Our 2022 Voter Guides will help you identify clean-water candidates — and vote for them
At VoteWater, we believe that Florida’s imperiled waterways are ultimately a political problem — requiring a political solution.
That means better policies, which ultimately requires better politicians. Defending the status quo and the moneyed interests that benefit from it is the path to further ruin. During this year’s legislative session, some bills were passed — and others proposed — likely to inflict additional damage on our perpetually reeling waterways.
The attitude in Tallahassee seems to be: it’s fine. Our waters will be just fine.
They WON’T be fine. Not unless we demand strong, enforceable water laws in Florida.
And we need to identify and elect lawmakers who realize this — and who will stand up and make a difference at the local, state and national level.
To that end: Later this month VoteWater will issue its 2022 Primary Voter Guides. The guides, which you’ll be able to find on our website, VoteWater.org, will provide information about candidates in 15 Florida counties: Brevard, Indian River, St. Lucie, Martin, Palm Beach, Broward, Miami-Dade, Monroe, Collier, Lee, Charlotte, Sarasota, Manatee, Hillsborough and Pinellas.
We surveyed county commission candidates, candidates for the state House and Senate, candidates for the U.S. Congress (House and Senate) and Florida’s candidates for Governor and Agriculture Commissioner. We asked tough questions about Florida’s water crisis, and what candidates propose to do about it.
We’ve also researched campaign finance and identified candidates who take money from special interests like the sugarcane, phosphate mining, utility and development/construction industries. Too often, Florida’s elected officials make decisions designed to benefit those interests — not the people, and not our fragile waters.
Ultimately, we ranked candidates on their clean-water bona fides, and endorsed candidates who have made or who vow to make clean water a governing priority.

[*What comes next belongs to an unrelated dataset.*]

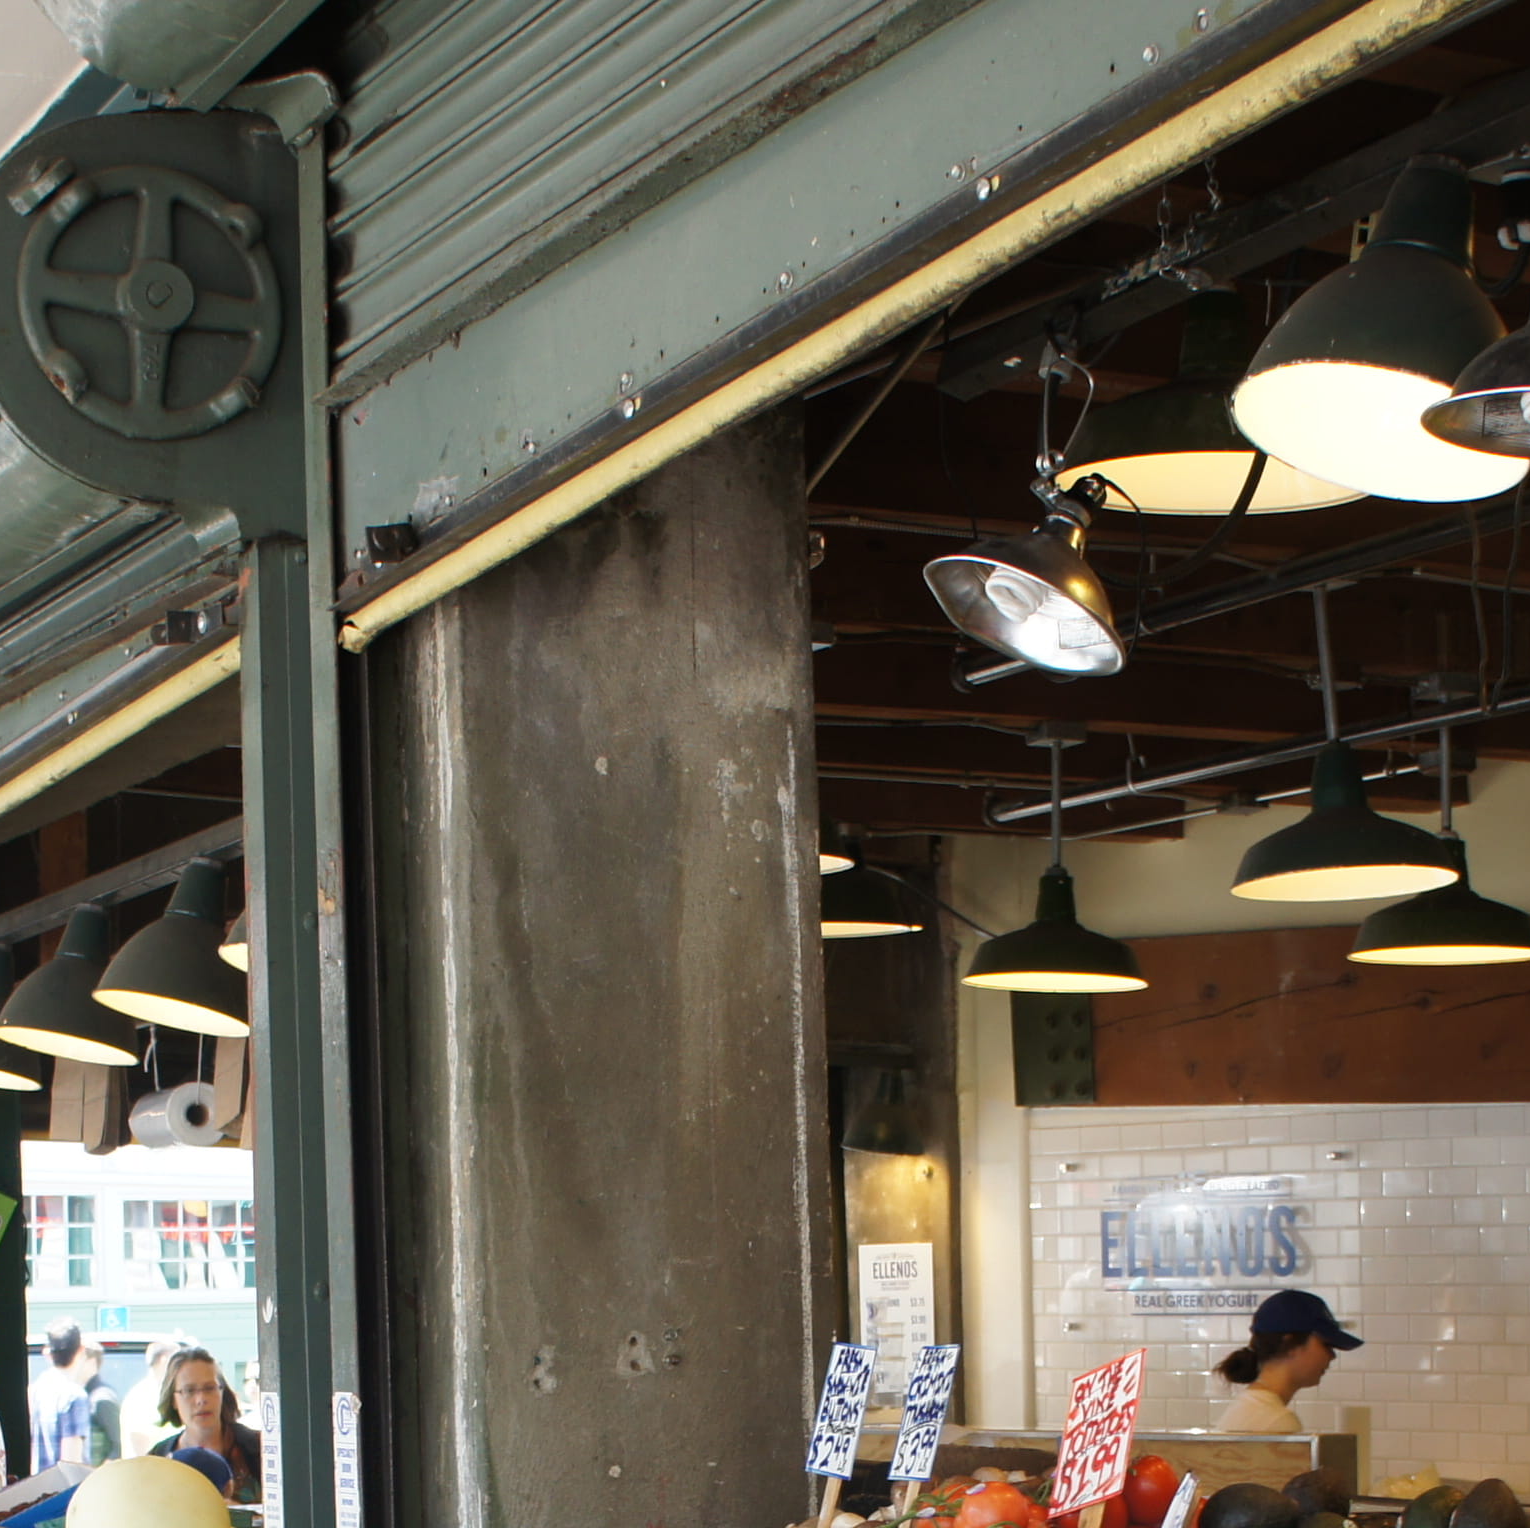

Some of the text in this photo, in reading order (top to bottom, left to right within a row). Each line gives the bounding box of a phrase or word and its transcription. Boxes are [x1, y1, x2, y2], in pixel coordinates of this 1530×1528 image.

[1100, 1205, 1297, 1278] ELLENOS
[872, 1260, 919, 1280] ELLENOS
[1134, 1293, 1259, 1309] REAL GREEK YOGURT

Many of the races in the Aug. 23 primary have already been decided, as the Republican or Democratic candidates have no competitors. In several cases, the result of the November general election has already been decided, as candidates are running unopposed.

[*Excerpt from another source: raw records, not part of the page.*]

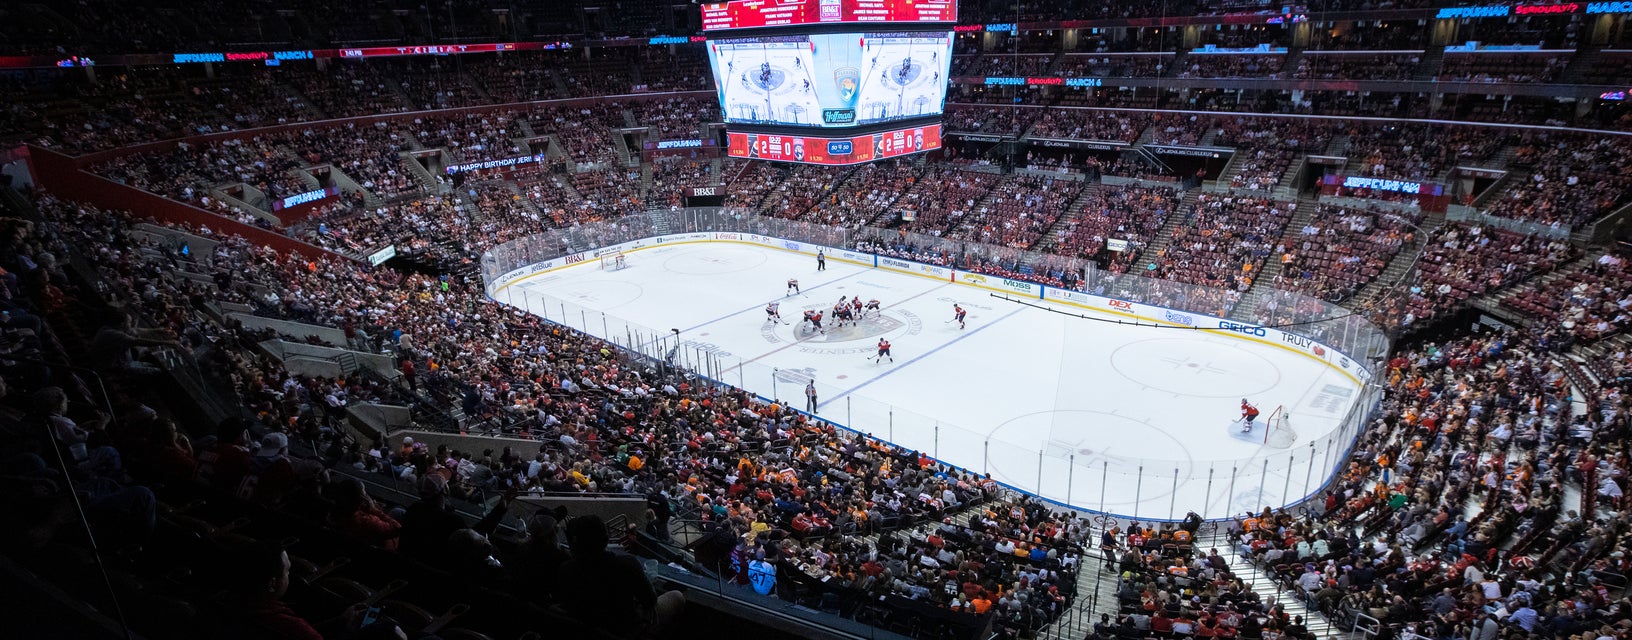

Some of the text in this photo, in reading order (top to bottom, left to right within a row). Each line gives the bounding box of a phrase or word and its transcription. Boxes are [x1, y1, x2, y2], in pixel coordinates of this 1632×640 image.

[1586, 1, 1632, 14] MARC
[986, 24, 1009, 32] MARCH
[1010, 23, 1017, 31] 6
[274, 51, 306, 60] MARCH
[307, 50, 313, 59] 6
[1066, 78, 1093, 86] MARCH
[762, 141, 768, 154] 2
[785, 142, 791, 155] 0
[887, 139, 892, 151] 2
[907, 135, 912, 148] 0
[460, 163, 483, 172] HAPPY
[484, 158, 516, 168] BIRTHDAY
[693, 187, 717, 196] BB&T
[565, 253, 585, 265] BB&T
[531, 262, 552, 273] jetBlue
[1108, 299, 1132, 309] DEX
[1219, 321, 1265, 337] GEICO
[1282, 332, 1313, 349] TRULY
[752, 573, 766, 586] 47

But where races are still up for grabs, our goal is to identify the best clean-water candidates; and beyond that, to compel all candidates to articulate their position on clean-water concerns — from the unfinished work of the state’s Blue-Green Algae Task Force to red tide, to water management issues with Lake Okeechobee and whether Florida regulators need to put more pressure on polluters across the board to clean up their act.
In a year when so many crucial issues hang in the balance, clean-water concerns might get short shrift. Candidates may be less inclined to pay attention to the health of our waterways.
But if we ignore or downplay Florida’s water problems, they’re bound to get worse.
So it is our goal to make sure they’re on the agenda. And in this, we could use your help.
Call or email your local elected officials and ask them if they’ve returned VoteWater’s survey. If not, why not?
VoteWater is a grassroots, volunteer-powered organization. We’re not beholden to any special interests. We’re creating these guides because we believe clean water is vital to the future of Florida.
If you can, please support our efforts by donating. Once the primary is done, we’ll pivot and retool our voter guides for the November general election. We’ll update our rankings and our “Dirty Money” scorecard; we may endorse different candidates in November as new information comes to light.
If we want clean and healthy waters, we need to elect candidates who’ll make it a priority.
We’ll identify them.
And then it’s up to you to vote for them.